[Opening DATASET CONTENT section]
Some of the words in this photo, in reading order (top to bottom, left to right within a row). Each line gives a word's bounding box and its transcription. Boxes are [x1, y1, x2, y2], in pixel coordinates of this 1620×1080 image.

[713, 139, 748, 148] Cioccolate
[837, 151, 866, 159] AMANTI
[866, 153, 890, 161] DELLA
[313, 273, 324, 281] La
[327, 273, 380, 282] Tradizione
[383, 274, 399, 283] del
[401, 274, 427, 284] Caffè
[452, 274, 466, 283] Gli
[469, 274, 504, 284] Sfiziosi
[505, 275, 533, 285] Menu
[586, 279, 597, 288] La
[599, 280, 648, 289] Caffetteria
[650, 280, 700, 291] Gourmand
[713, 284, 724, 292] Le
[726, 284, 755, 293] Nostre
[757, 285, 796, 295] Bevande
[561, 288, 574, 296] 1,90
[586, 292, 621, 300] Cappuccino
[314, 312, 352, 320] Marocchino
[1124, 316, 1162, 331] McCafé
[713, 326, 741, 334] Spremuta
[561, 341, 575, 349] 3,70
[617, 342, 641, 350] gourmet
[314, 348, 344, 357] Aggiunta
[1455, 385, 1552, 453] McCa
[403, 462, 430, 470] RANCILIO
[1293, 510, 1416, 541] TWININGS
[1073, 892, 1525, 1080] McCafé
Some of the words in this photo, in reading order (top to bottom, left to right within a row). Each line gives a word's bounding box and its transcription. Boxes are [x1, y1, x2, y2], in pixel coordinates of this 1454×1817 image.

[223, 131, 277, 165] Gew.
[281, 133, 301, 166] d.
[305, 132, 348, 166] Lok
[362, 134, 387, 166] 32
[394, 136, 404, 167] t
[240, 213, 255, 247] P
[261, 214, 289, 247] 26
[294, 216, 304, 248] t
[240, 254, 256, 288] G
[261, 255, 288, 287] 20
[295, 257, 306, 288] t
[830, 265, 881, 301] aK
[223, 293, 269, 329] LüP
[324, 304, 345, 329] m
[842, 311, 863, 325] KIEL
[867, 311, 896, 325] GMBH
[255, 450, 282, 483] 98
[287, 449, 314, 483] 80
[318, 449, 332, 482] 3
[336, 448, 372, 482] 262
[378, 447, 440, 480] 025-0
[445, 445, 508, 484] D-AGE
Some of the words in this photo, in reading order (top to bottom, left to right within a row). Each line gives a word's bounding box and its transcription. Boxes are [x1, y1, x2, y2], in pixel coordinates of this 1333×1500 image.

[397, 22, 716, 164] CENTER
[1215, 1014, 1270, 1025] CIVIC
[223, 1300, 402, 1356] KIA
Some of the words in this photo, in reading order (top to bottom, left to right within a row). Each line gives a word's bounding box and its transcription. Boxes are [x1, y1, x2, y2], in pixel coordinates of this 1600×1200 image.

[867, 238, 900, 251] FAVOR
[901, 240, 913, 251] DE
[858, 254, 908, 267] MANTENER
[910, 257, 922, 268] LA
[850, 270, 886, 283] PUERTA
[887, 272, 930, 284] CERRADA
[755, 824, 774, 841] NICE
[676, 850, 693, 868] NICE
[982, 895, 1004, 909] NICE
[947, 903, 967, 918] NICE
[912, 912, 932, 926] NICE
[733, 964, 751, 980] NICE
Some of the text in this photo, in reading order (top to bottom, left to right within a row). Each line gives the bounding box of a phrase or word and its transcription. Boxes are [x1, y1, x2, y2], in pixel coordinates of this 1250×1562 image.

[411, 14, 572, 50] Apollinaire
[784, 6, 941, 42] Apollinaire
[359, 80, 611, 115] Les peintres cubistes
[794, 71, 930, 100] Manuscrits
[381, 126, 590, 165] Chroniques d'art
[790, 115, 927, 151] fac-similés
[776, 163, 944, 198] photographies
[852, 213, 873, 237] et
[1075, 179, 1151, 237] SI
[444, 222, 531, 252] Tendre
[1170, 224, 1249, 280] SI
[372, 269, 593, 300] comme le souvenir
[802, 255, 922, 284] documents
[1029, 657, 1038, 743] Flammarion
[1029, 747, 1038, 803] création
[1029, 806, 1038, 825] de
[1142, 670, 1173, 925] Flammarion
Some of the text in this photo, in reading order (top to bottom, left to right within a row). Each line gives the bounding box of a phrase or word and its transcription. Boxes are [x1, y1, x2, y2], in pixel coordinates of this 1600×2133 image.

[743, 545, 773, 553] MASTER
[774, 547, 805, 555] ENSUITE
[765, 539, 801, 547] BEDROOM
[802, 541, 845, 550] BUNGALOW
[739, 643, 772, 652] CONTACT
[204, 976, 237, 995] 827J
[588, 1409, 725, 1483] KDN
[Closing DATASET CONTENT section]
Every entry, from the first line to the last, should be retyped exactly.

Some of the words in this photo, in reading order (top to bottom, left to right within a row). Each line gives a word's bounding box and its transcription. Boxes are [x1, y1, x2, y2], in pixel coordinates of this 1620×1080 image.

[713, 139, 748, 148] Cioccolate
[837, 151, 866, 159] AMANTI
[866, 153, 890, 161] DELLA
[313, 273, 324, 281] La
[327, 273, 380, 282] Tradizione
[383, 274, 399, 283] del
[401, 274, 427, 284] Caffè
[452, 274, 466, 283] Gli
[469, 274, 504, 284] Sfiziosi
[505, 275, 533, 285] Menu
[586, 279, 597, 288] La
[599, 280, 648, 289] Caffetteria
[650, 280, 700, 291] Gourmand
[713, 284, 724, 292] Le
[726, 284, 755, 293] Nostre
[757, 285, 796, 295] Bevande
[561, 288, 574, 296] 1,90
[586, 292, 621, 300] Cappuccino
[314, 312, 352, 320] Marocchino
[1124, 316, 1162, 331] McCafé
[713, 326, 741, 334] Spremuta
[561, 341, 575, 349] 3,70
[617, 342, 641, 350] gourmet
[314, 348, 344, 357] Aggiunta
[1455, 385, 1552, 453] McCa
[403, 462, 430, 470] RANCILIO
[1293, 510, 1416, 541] TWININGS
[1073, 892, 1525, 1080] McCafé
Some of the words in this photo, in reading order (top to bottom, left to right within a row). Each line gives a word's bounding box and its transcription. Boxes are [x1, y1, x2, y2], in pixel coordinates of this 1454×1817 image.

[223, 131, 277, 165] Gew.
[281, 133, 301, 166] d.
[305, 132, 348, 166] Lok
[362, 134, 387, 166] 32
[394, 136, 404, 167] t
[240, 213, 255, 247] P
[261, 214, 289, 247] 26
[294, 216, 304, 248] t
[240, 254, 256, 288] G
[261, 255, 288, 287] 20
[295, 257, 306, 288] t
[830, 265, 881, 301] aK
[223, 293, 269, 329] LüP
[324, 304, 345, 329] m
[842, 311, 863, 325] KIEL
[867, 311, 896, 325] GMBH
[255, 450, 282, 483] 98
[287, 449, 314, 483] 80
[318, 449, 332, 482] 3
[336, 448, 372, 482] 262
[378, 447, 440, 480] 025-0
[445, 445, 508, 484] D-AGE
Some of the words in this photo, in reading order (top to bottom, left to right within a row). Each line gives a word's bounding box and its transcription. Boxes are [x1, y1, x2, y2], in pixel coordinates of this 1333×1500 image.

[397, 22, 716, 164] CENTER
[1215, 1014, 1270, 1025] CIVIC
[223, 1300, 402, 1356] KIA
Some of the words in this photo, in reading order (top to bottom, left to right within a row). Each line gives a word's bounding box and its transcription. Boxes are [x1, y1, x2, y2], in pixel coordinates of this 1600×1200 image.

[867, 238, 900, 251] FAVOR
[901, 240, 913, 251] DE
[858, 254, 908, 267] MANTENER
[910, 257, 922, 268] LA
[850, 270, 886, 283] PUERTA
[887, 272, 930, 284] CERRADA
[755, 824, 774, 841] NICE
[676, 850, 693, 868] NICE
[982, 895, 1004, 909] NICE
[947, 903, 967, 918] NICE
[912, 912, 932, 926] NICE
[733, 964, 751, 980] NICE
Some of the text in this photo, in reading order (top to bottom, left to right within a row). Each line gives the bounding box of a phrase or word and its transcription. Boxes are [x1, y1, x2, y2], in pixel coordinates of this 1250×1562 image.

[411, 14, 572, 50] Apollinaire
[784, 6, 941, 42] Apollinaire
[359, 80, 611, 115] Les peintres cubistes
[794, 71, 930, 100] Manuscrits
[381, 126, 590, 165] Chroniques d'art
[790, 115, 927, 151] fac-similés
[776, 163, 944, 198] photographies
[852, 213, 873, 237] et
[1075, 179, 1151, 237] SI
[444, 222, 531, 252] Tendre
[1170, 224, 1249, 280] SI
[372, 269, 593, 300] comme le souvenir
[802, 255, 922, 284] documents
[1029, 657, 1038, 743] Flammarion
[1029, 747, 1038, 803] création
[1029, 806, 1038, 825] de
[1142, 670, 1173, 925] Flammarion
Some of the text in this photo, in reading order (top to bottom, left to right within a row). Each line gives the bounding box of a phrase or word and its transcription. Boxes are [x1, y1, x2, y2], in pixel coordinates of this 1600×2133 image.

[743, 545, 773, 553] MASTER
[774, 547, 805, 555] ENSUITE
[765, 539, 801, 547] BEDROOM
[802, 541, 845, 550] BUNGALOW
[739, 643, 772, 652] CONTACT
[204, 976, 237, 995] 827J
[588, 1409, 725, 1483] KDN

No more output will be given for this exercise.